Reproduce every record below exactly as written, leaving out any pictures.

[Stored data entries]
● ● ● ● ● ● ●
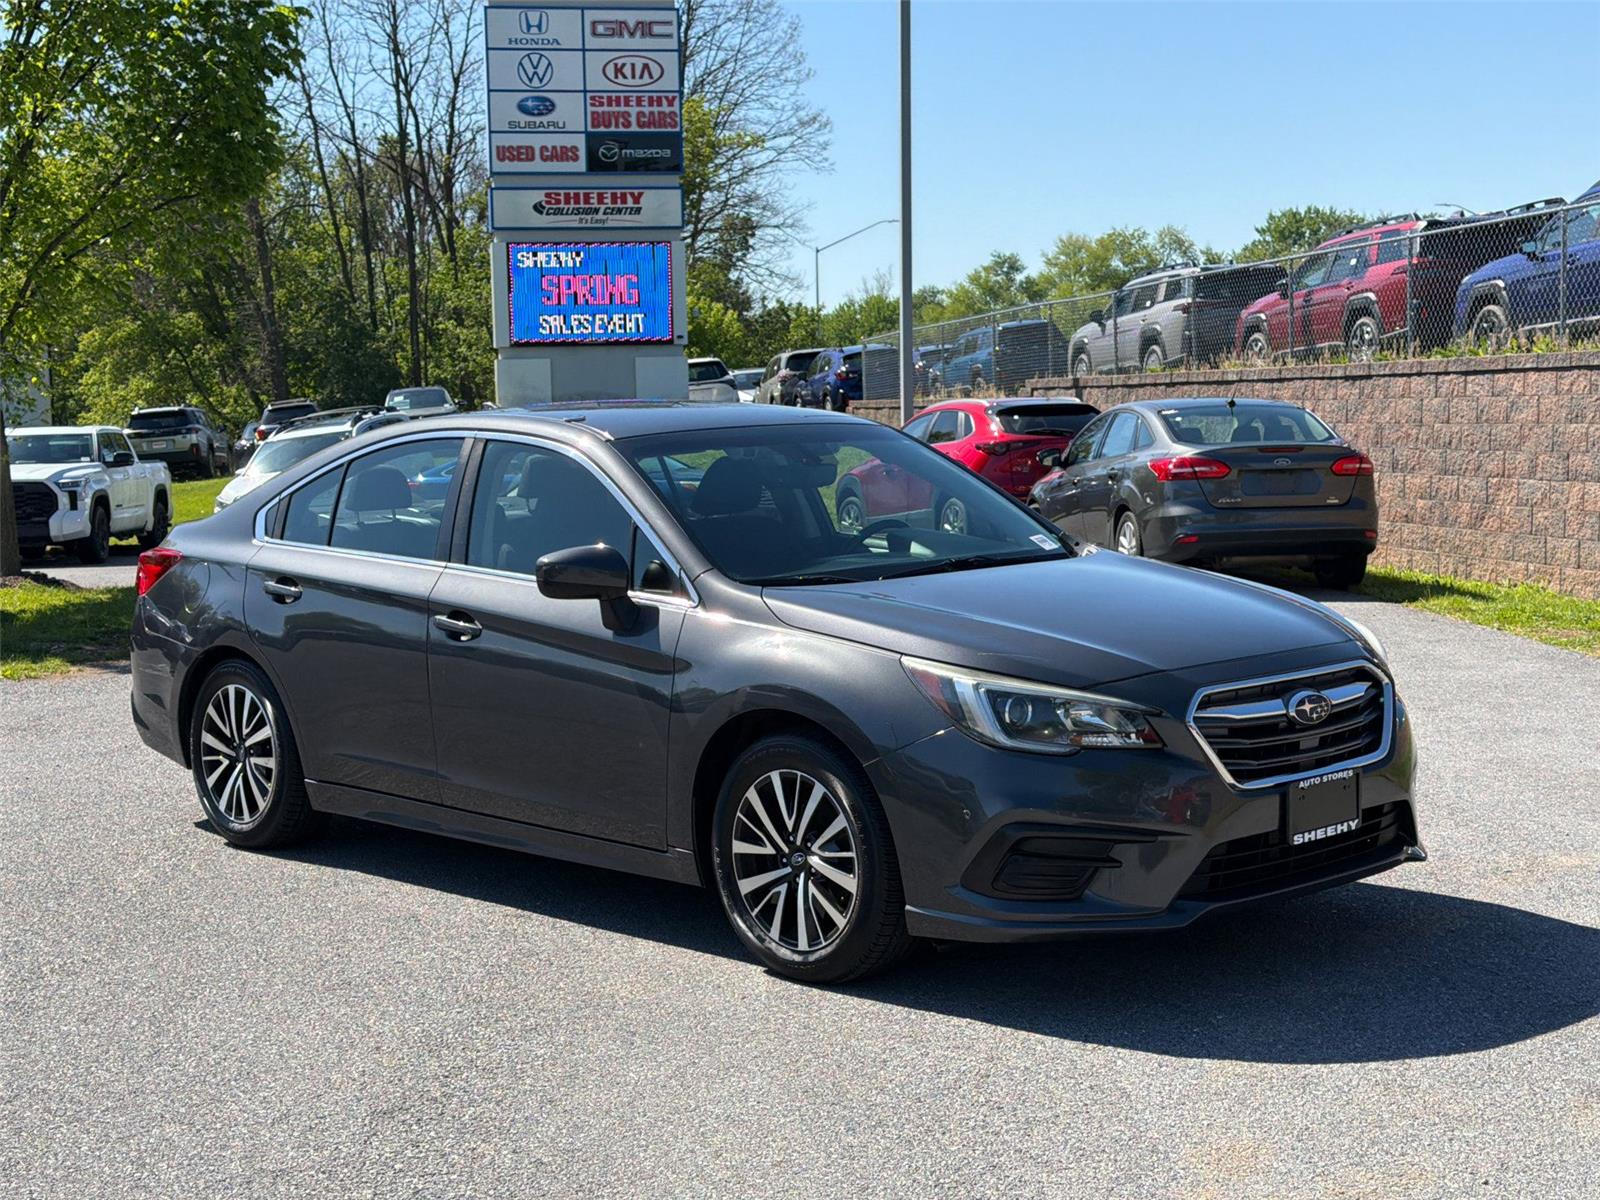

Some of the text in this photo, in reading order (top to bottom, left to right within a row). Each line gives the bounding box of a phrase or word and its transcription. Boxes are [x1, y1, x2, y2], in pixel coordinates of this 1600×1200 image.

[590, 20, 674, 39] GMC
[508, 37, 562, 46] HONDA
[613, 62, 655, 80] KIA
[589, 95, 678, 108] SHEEHY
[508, 120, 566, 130] SUBARU
[590, 111, 678, 129] BUYS CARS
[496, 145, 580, 163] USED CARS
[544, 191, 645, 206] SHEEHY
[545, 206, 643, 216] COLLISION CENTER
[577, 217, 609, 226] It's Easy!
[517, 251, 584, 269] SHEEHY
[541, 274, 640, 306] SPRING
[539, 313, 646, 335] SALES EVENT
[1298, 769, 1354, 789] AUTO STORES
[1292, 818, 1360, 845] SHEEHY
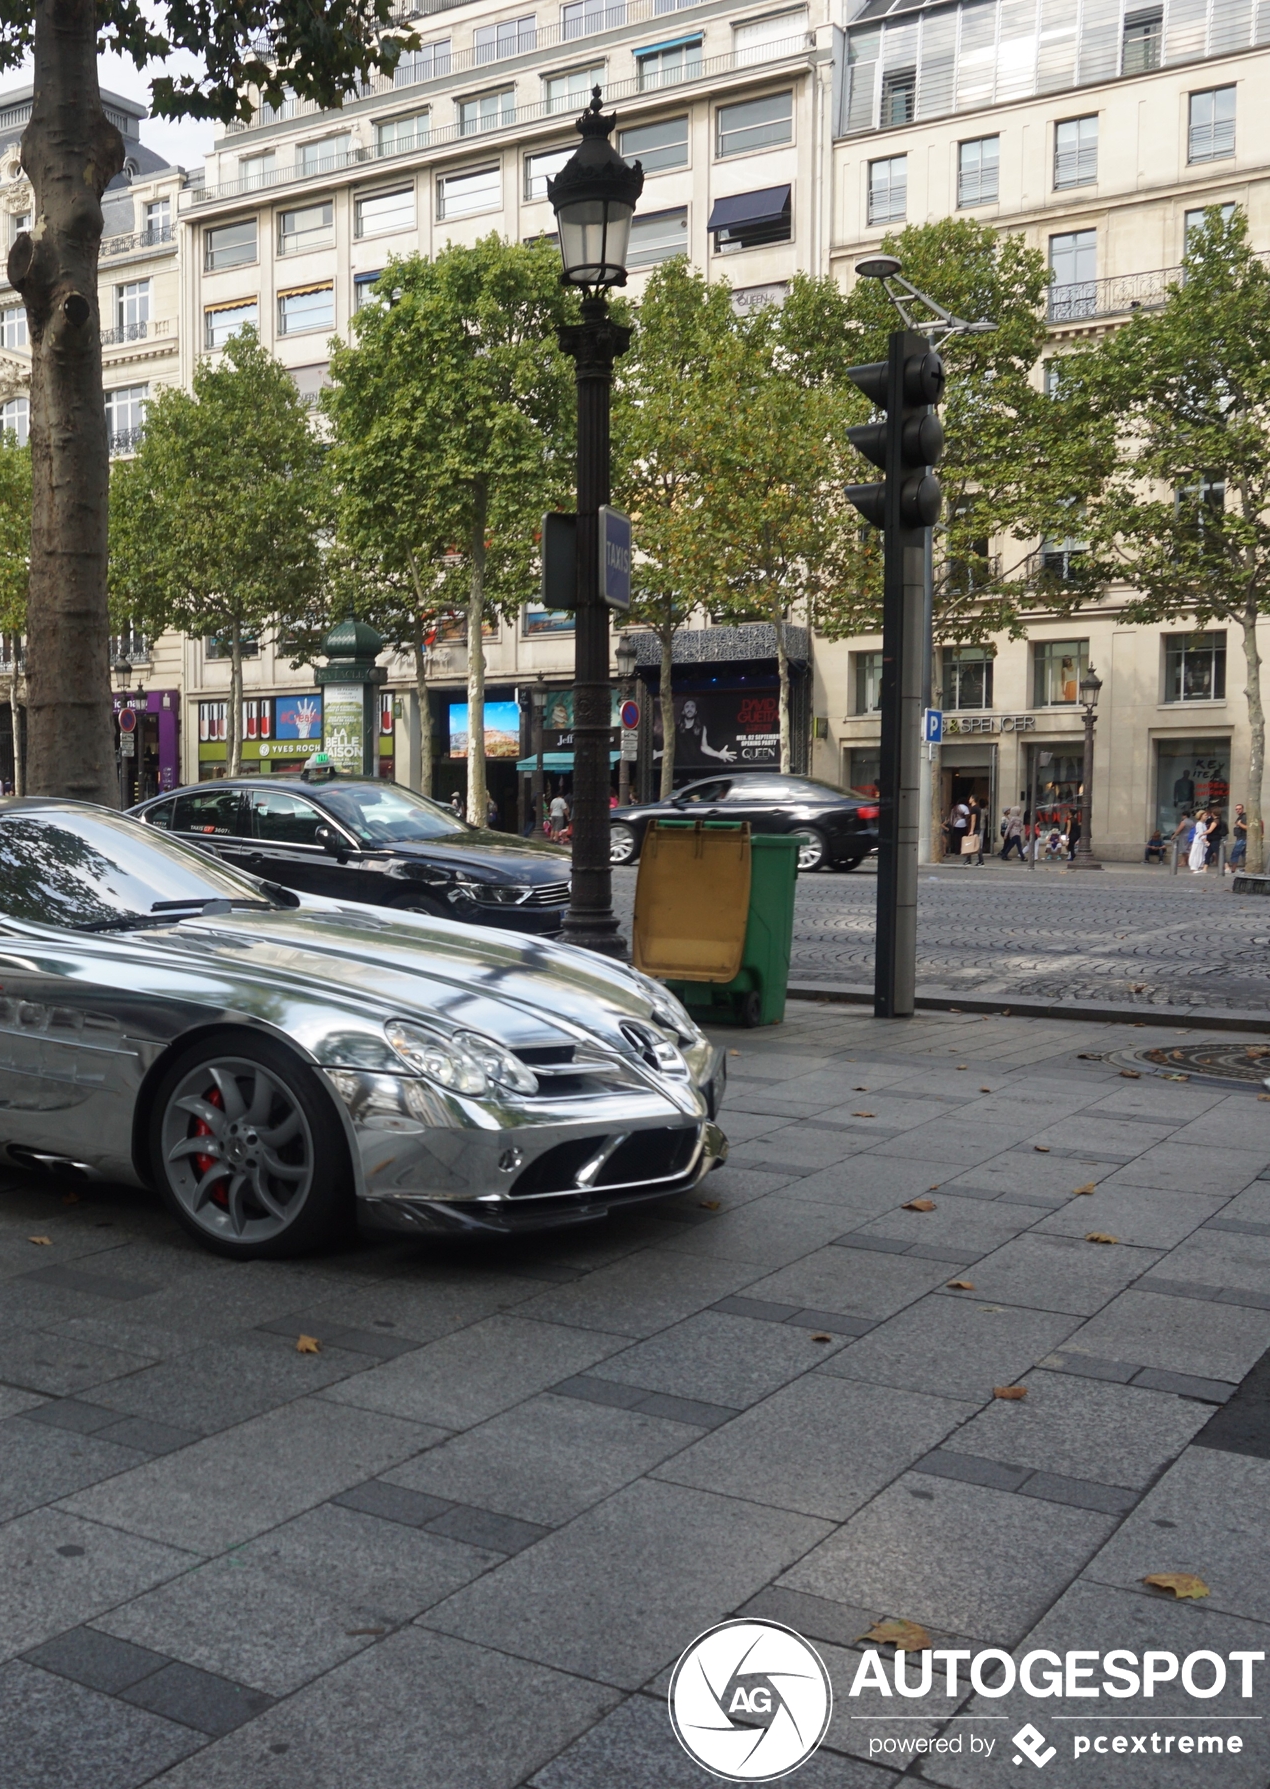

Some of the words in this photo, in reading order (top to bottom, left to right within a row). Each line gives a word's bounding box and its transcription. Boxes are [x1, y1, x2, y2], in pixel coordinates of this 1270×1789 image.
● ● ● ● ● ● ●
◆ **RESPONSE TO THE EXERCISE**:
Some of the text in this photo, in reading order (top to bottom, left to right within a row). Each line gives the bounding box of a phrase or word and its transcription. Boxes are [x1, y1, x2, y2], in pixel coordinates of this 1600×1200 image.

[590, 20, 674, 39] GMC
[508, 37, 562, 46] HONDA
[613, 62, 655, 80] KIA
[589, 95, 678, 108] SHEEHY
[508, 120, 566, 130] SUBARU
[590, 111, 678, 129] BUYS CARS
[496, 145, 580, 163] USED CARS
[544, 191, 645, 206] SHEEHY
[545, 206, 643, 216] COLLISION CENTER
[577, 217, 609, 226] It's Easy!
[517, 251, 584, 269] SHEEHY
[541, 274, 640, 306] SPRING
[539, 313, 646, 335] SALES EVENT
[1298, 769, 1354, 789] AUTO STORES
[1292, 818, 1360, 845] SHEEHY

Some of the words in this photo, in reading order (top to bottom, left to right within a row). Each line gives a word's bounding box and its transcription. Boxes are [x1, y1, x2, y2], in pixel coordinates of this 1270×1789 image.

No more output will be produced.